Super Bowl draws record rates: Every Super Bowl weekend sees a rate hike no matter what city is hosting, but in 2024, Las Vegas shattered records as hotels charged more than any Super Bowl host city before.
Even for hotels not in Las Vegas, hotel pricing optimization still applies everywhere. Take the example of Taylor Swift’s Eras tour: Every show announcement sparked hotel price surges, driving an additional GBP 1 billion in spending across the UK. By staying aware of special events and other factors that can create a surge in demand, hoteliers can make sure to capitalize on the opportunity to increase revenue as much as possible.
How to Boost Revenue: Implement Dynamic Pricing in Your Hotel
The rise of dynamic hotel pricing strategies is made possible by advanced technology, empowering hoteliers to react in real-time to market shifts. Today’s systems can put actionable insights at your fingertips and alert your team to demand changes.
Here’s how to get started with dynamic pricing:
Step 1: Responding to Supply and Demand
Track competitor rates: Competitor prices offer a window into local demand trends. Rate-shopping tools track nearby hotels’ prices across channels and dates, automating the research process and allowing you to anticipate demand.
Set alerts for nearby events: To get a head start on demand spikes, set up notifications for major venues near you to track local happenings that might increase bookings.

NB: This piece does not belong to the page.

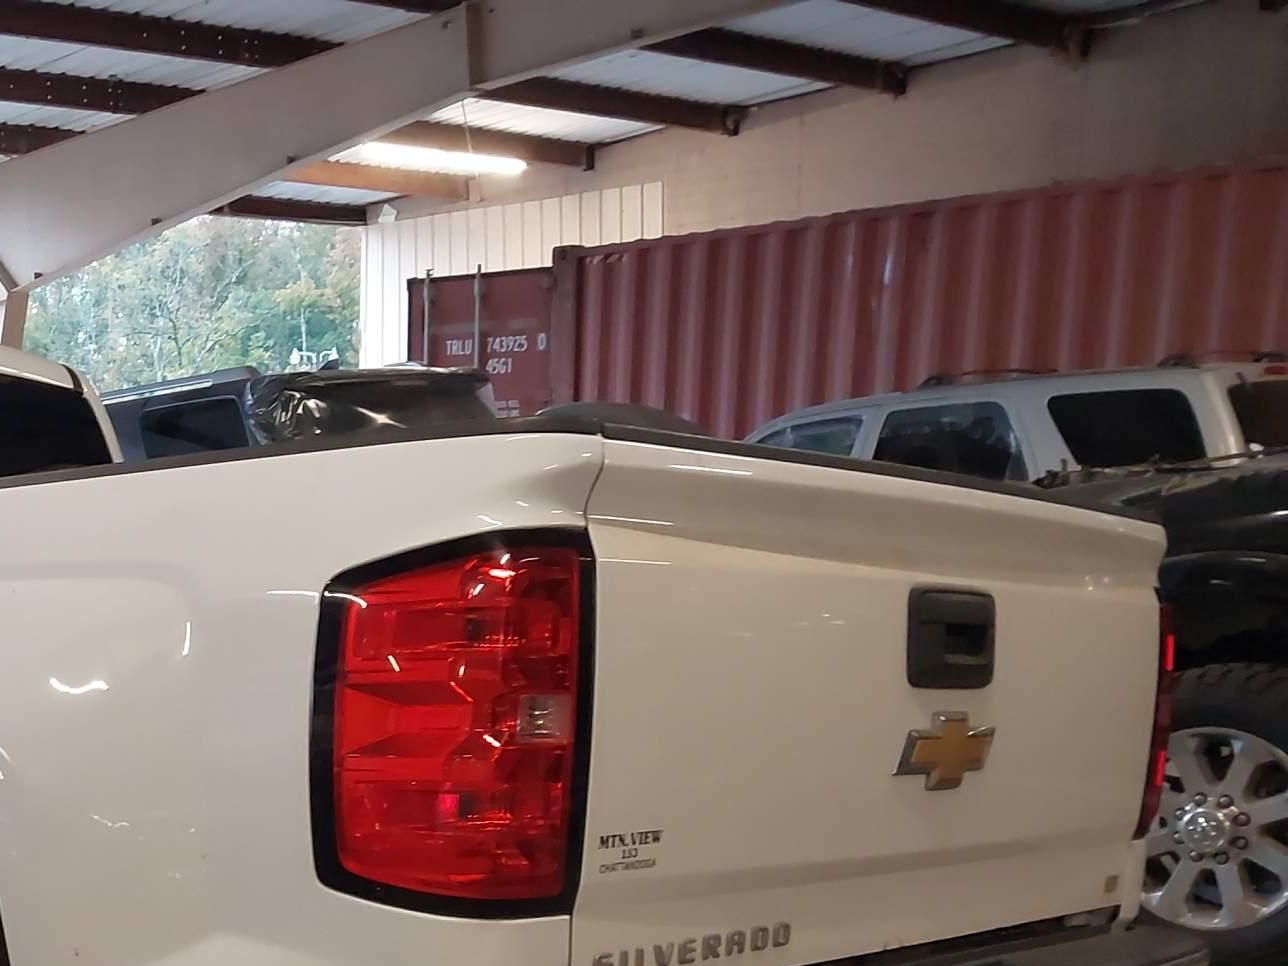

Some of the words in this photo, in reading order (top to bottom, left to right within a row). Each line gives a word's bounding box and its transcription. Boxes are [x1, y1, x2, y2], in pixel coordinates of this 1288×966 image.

[446, 339, 473, 356] TRLU
[487, 335, 528, 353] 743925
[486, 358, 512, 374] 45G1

Leverage your network: Not all demand comes from publicly announced events. Local conferences, corporate gatherings and large private events also impact bookings. Staying connected with your network can reveal hidden demand trends that you may not otherwise be aware of.
While technology simplifies these steps, you can still implement dynamic pricing on your own by following these principles. Once you’ve adapted your rates to demand, you’re ready for the next step: maximizing revenue.
Step 2: Maximize Revenue with a Full House
So you raised rates for a big event — now it’s time to make the most of every guest in the building. When your hotel is fully booked, it’s an ideal opportunity to increase your total revenue through ancillary opportunities.
Here’s how to capitalize on peak occupancy:
Dynamic Upsells: Boost additional revenue by offering food and beverage packages, spa services, tailored experiences and other extras from booking to checkout. Dynamic Upsells can increase upsell revenue by up to 250%.
AI-powered Upsells: When staff are stretched thin, upsell tools powered by AI can automatically suggest add-ons at the exact right time. For instance, when a guest messages about early check-in, AI-powered hospitality tools like Canary’s can offer relevant upgrades in the same interaction, increasing conversion by more than 4x over traditional tech-based upselling.
Gather Reviews With Mobile Checkout: Use a full house to generate positive reviews. Automated Mobile Checkout can prompt guests to leave feedback as part of the process, helping hotels double their reviews. More reviews lead to higher rankings, which drives demand and brings you right back to increased pricing opportunities at the top of the cycle.
Why Dynamic Pricing is the Key to Future-Proofing Your Hotel
Dynamic pricing is more than just a trend — it’s becoming an essential strategy in modern revenue management. With the right tools, tracking and a bit of local insight, any hotelier can implement dynamic pricing principles to respond to demand fluctuations and capitalize on peak occupancy.
As technology continues to evolve, dynamic pricing will likely become even more targeted, enabling hotels to forecast and respond to market conditions in real-time. Whether your property is a Las Vegas resort or a small boutique hotel, dynamic pricing empowers you to not only optimize rates but also enhance total guest revenue during every stay.